● Exercise details
Omit the pictures, and output the rest of the entries exactly as written.

====== Exercise inputs ======

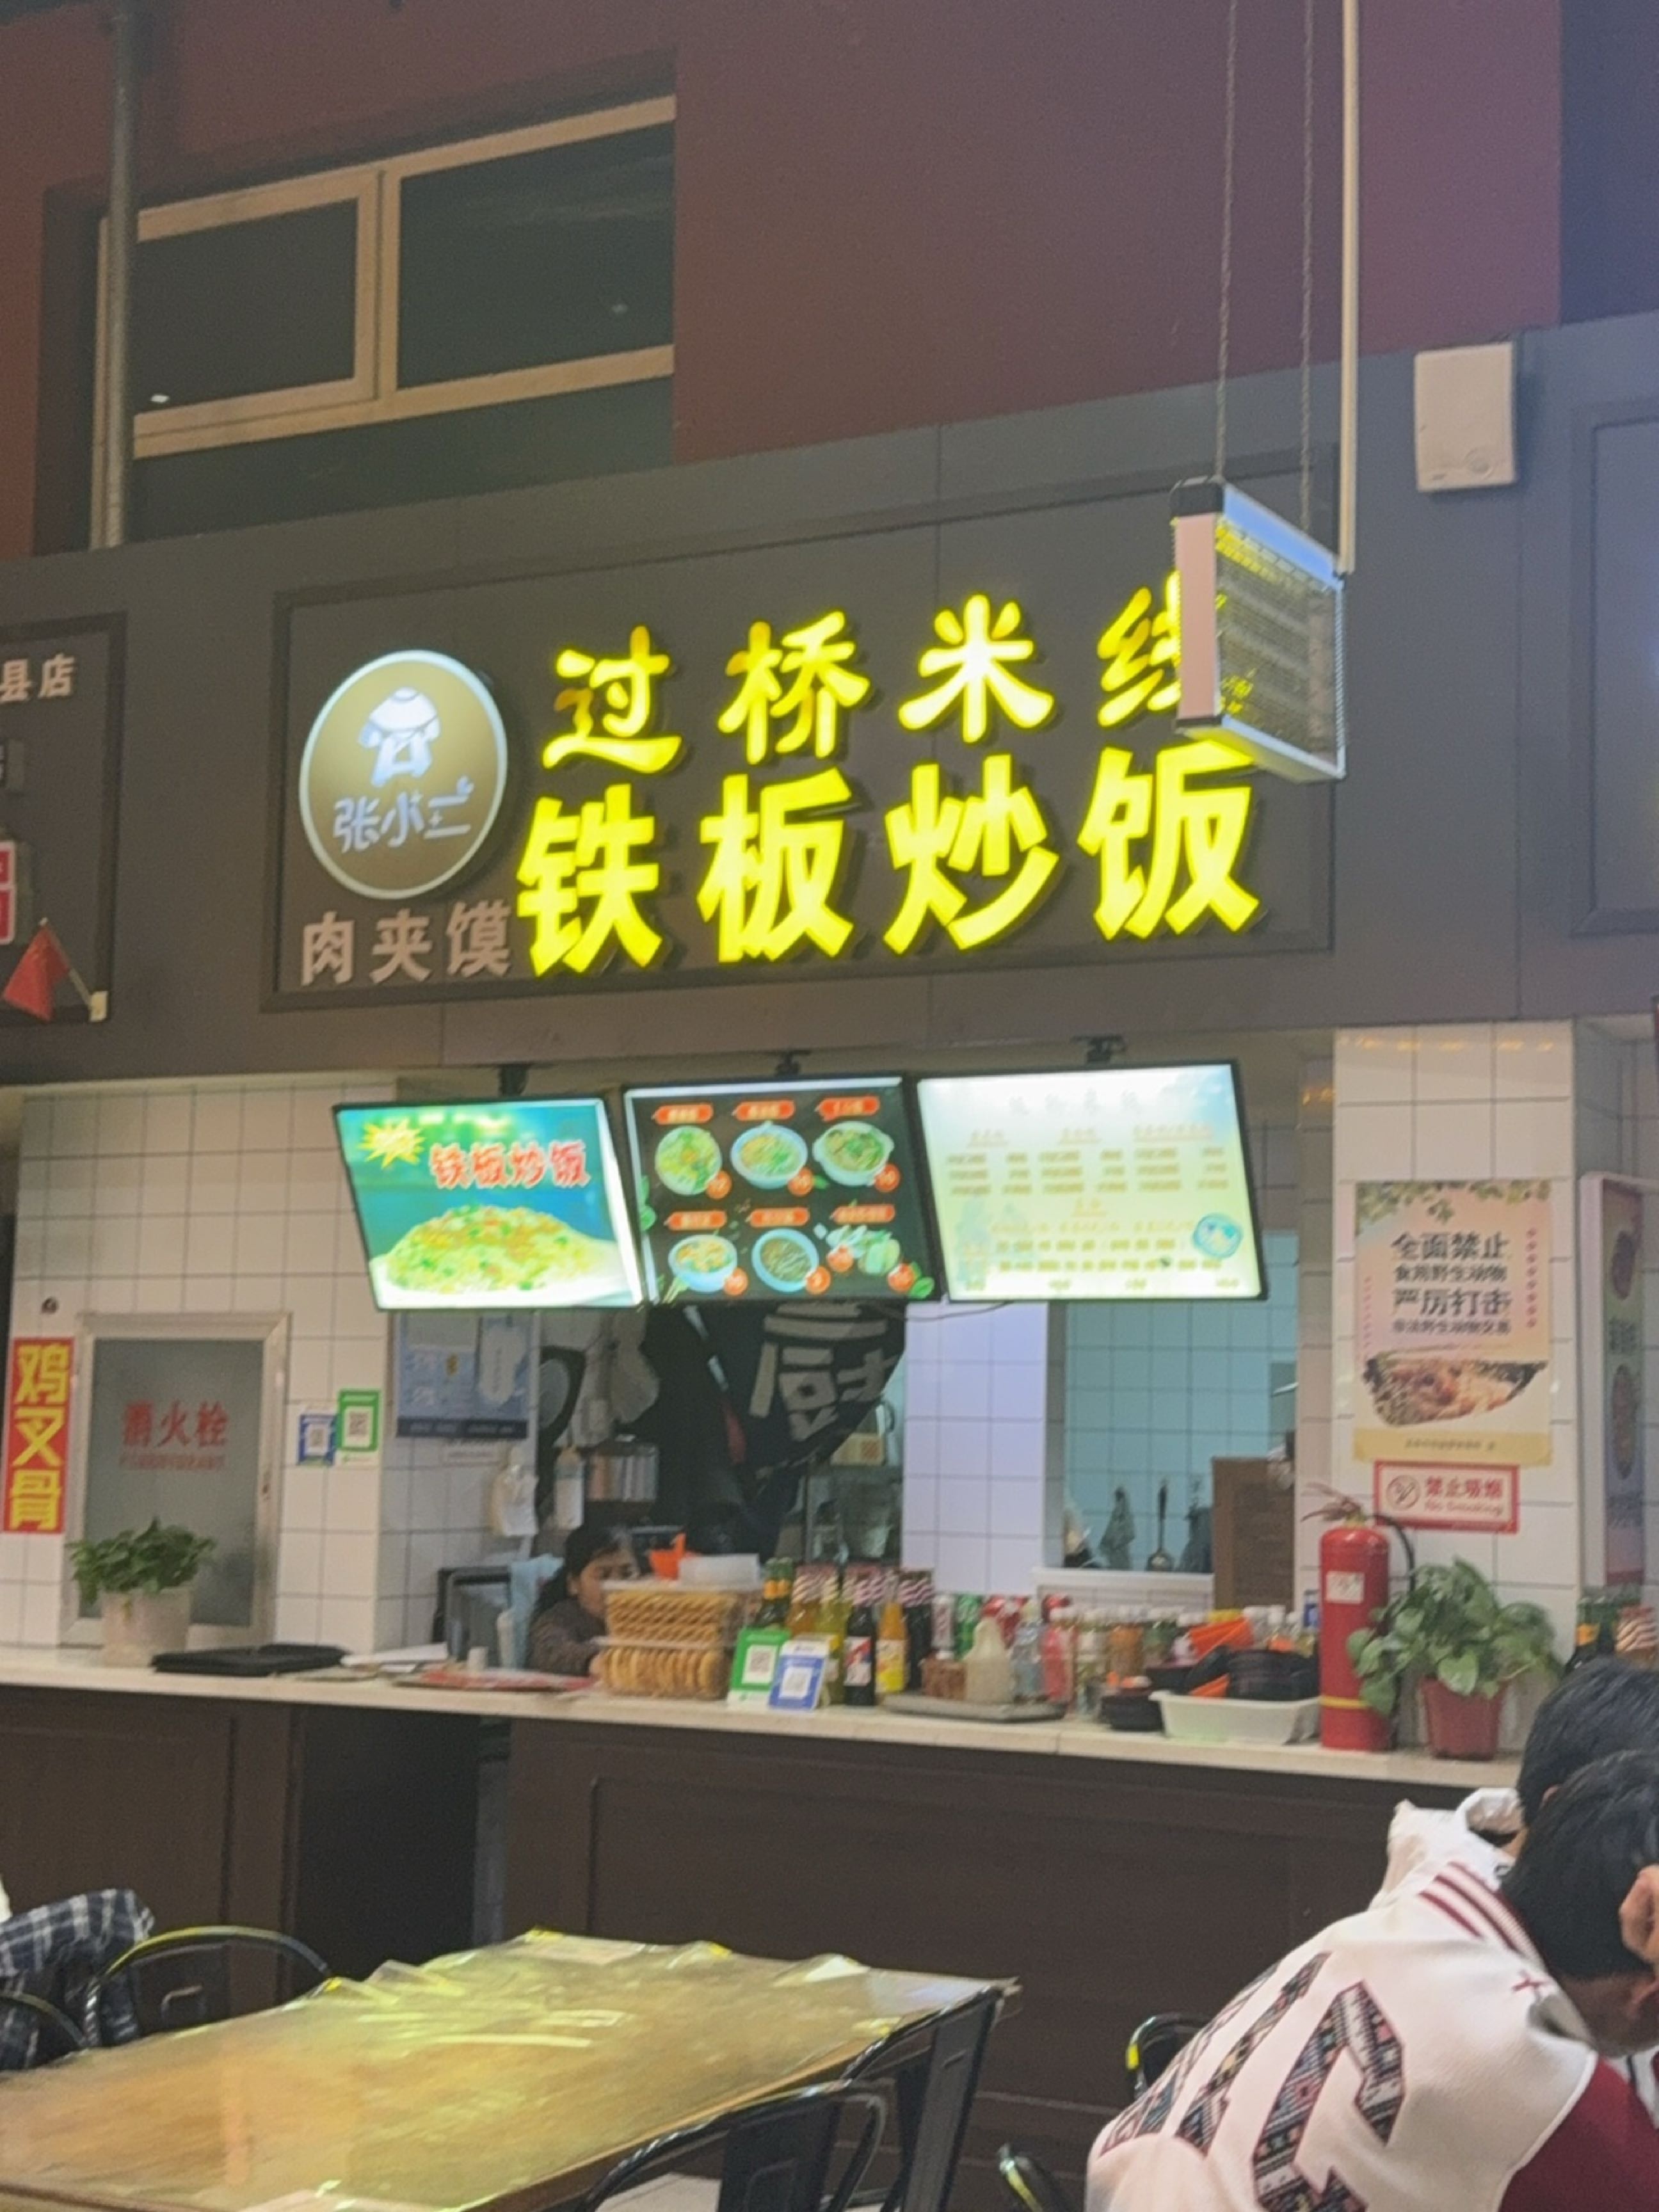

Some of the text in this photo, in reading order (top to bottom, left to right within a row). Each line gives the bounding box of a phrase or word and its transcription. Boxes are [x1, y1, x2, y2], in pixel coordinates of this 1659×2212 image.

[542, 570, 1182, 774] 过桥米线
[332, 776, 474, 854] 张小二
[516, 740, 1261, 978] 铁板炒饭
[300, 899, 512, 986] 肉夹馍
[429, 1139, 591, 1189] 铁板炒饭
[1391, 1230, 1511, 1260] 全面禁止
[1391, 1286, 1512, 1317] 严厉打击
[10, 1344, 70, 1531] 鸡叉骨

======

● Solution for this exercise
Some of the text in this photo, in reading order (top to bottom, left to right within a row). Each line gives the bounding box of a phrase or word and its transcription. Boxes are [x1, y1, x2, y2], in pixel coordinates of this 1659×2212 image.

[542, 570, 1182, 774] 过桥米线
[332, 776, 474, 854] 张小二
[516, 740, 1261, 978] 铁板炒饭
[300, 899, 512, 986] 肉夹馍
[429, 1139, 591, 1189] 铁板炒饭
[1391, 1230, 1511, 1260] 全面禁止
[1391, 1286, 1512, 1317] 严厉打击
[10, 1344, 70, 1531] 鸡叉骨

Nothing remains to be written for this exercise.